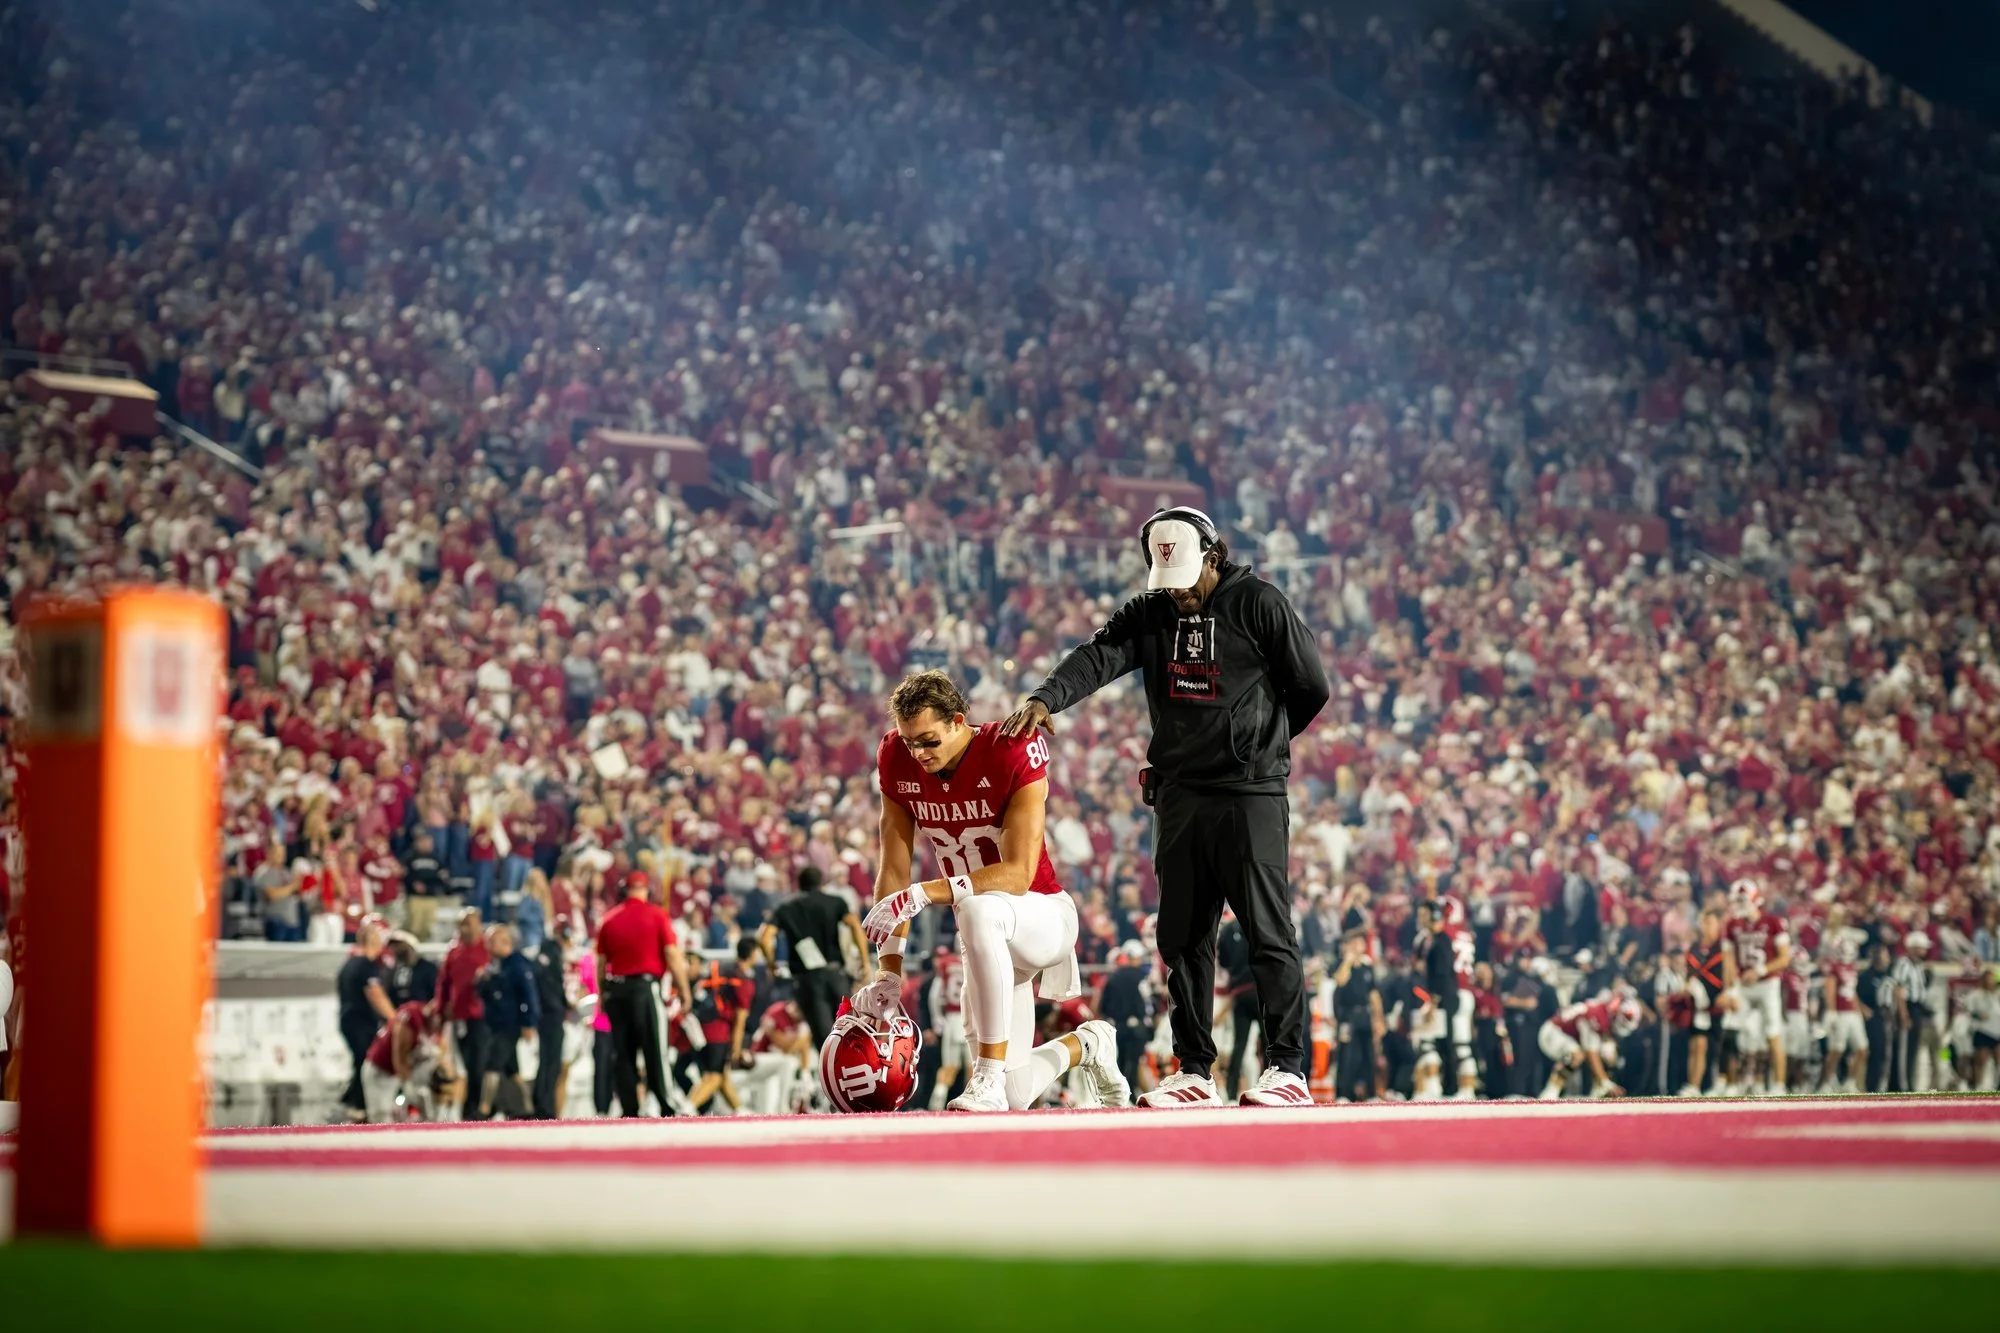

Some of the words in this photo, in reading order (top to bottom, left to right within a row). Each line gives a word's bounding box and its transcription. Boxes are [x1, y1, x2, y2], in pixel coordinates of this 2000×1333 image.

[1167, 663, 1221, 676] FOOTBALL
[1026, 735, 1050, 769] 80
[909, 799, 995, 821] INDIANA
[920, 825, 1004, 879] 80

^^^^^^^^

» Work instructions
The whole listing should be transcribed exactly, though its pictures must be left out.

» Expected answer
Some of the words in this photo, in reading order (top to bottom, left to right within a row). Each line gives a word's bounding box and its transcription. Boxes are [x1, y1, x2, y2], in pixel coordinates of this 2000×1333 image.

[1167, 663, 1221, 676] FOOTBALL
[1026, 735, 1050, 769] 80
[909, 799, 995, 821] INDIANA
[920, 825, 1004, 879] 80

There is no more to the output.